"The denial of citizenship that has undermined the Arab world for decades is reflected in lasting societal unrest"

tribune. At the beginning of 2020, the Arab world remains traversed by a series of protest movements, with a common denominator being a citizen demand close to that which had already precipitated the 2011 “Arab Spring”. From Algiers to Cairo, From Beirut to Baghdad, and in many other places, this call for citizenship targets a set of systems and institutions that have failed, on the whole, to ensure a decent and acceptable life for their governed. Elsewhere, as in Tunis, this call is certainly muted at present, but it is still very much present. Smothered in countries in a situation of civil war such as Libya, Syria or even Yemen, this citizen movement will necessarily reappear with force on the scene.

"Arab citizen demands have been a structural constant for a decade, linked to very concrete political and social demands"

Arab citizen demands are not a thing of the past; moreover, they cannot be seen as a momentary moment. Rooted in the protests that have arisen here and there in recent months, they have been a structural constant for a decade, linked to very concrete political and social demands. When it started in December 2018 in Sudan, the last protest wave to date, caused firstly by the tripling of the price of bread, resulted in popular rallies which would ultimately defeat the regime of Omar Al-Bashir. In the Algerian context, the citizens revolted within the framework of the Hirak movement as of February 2019 against yet another candidacy of the president in office Abdelaziz Bouteflika, who will end up resigning, without taking with him the "deep state" firmly established in the country and governed by the army.
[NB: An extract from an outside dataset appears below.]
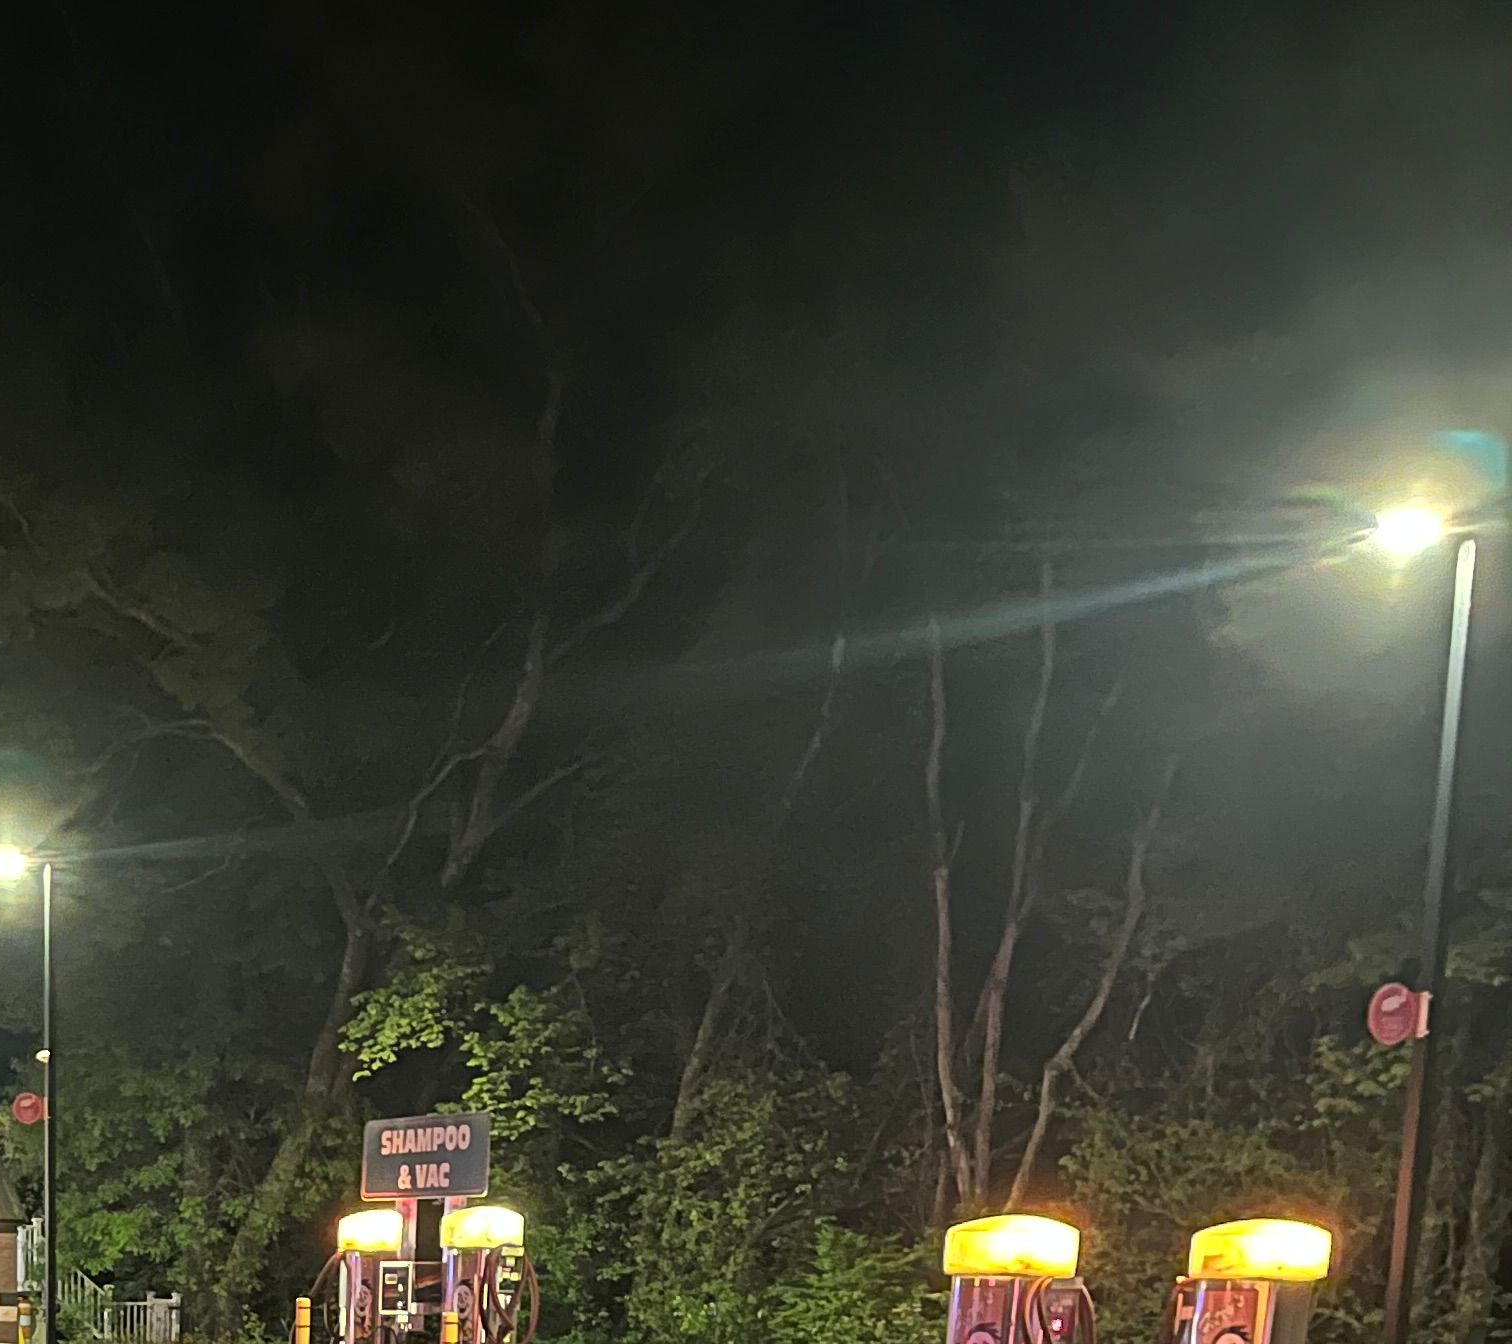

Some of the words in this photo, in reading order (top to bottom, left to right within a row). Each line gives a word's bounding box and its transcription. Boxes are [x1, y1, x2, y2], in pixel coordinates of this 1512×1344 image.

[380, 1124, 471, 1156] SHAMPOO
[397, 1164, 412, 1190] &
[415, 1162, 451, 1189] VAC
The Egyptian case, for its part, makes one think of a sort of aborted repetition of the January 2011 revolution. Again gathered in Tahrir Square in the fall of 2019 to demand full recognition of their citizenship and the rights which As a result, the demonstrators demand the departure of the president officially in power since 2014, Abdel Fattah Al-Sissi, but fail to overthrow him as they did with Hosni Mubarak. At the origin of this citizen irruption, the diffusion on the Web of videos accusing the head of state of corruption. Since then, the repression has been fierce, without however reaching the level of that of Iraq, where the protest, which begins at the same time, is repressed with hundreds of dead and wounded, including very young demonstrators. Unfit and corrupt political elites, absence of economic reforms, continuous dilapidation, dictate of sectarian and community strategies massively rejected by the population: the sharp anger of the Iraqi citizen, anxious to be heard and recognized as such, is not new and will reappear necessarily too.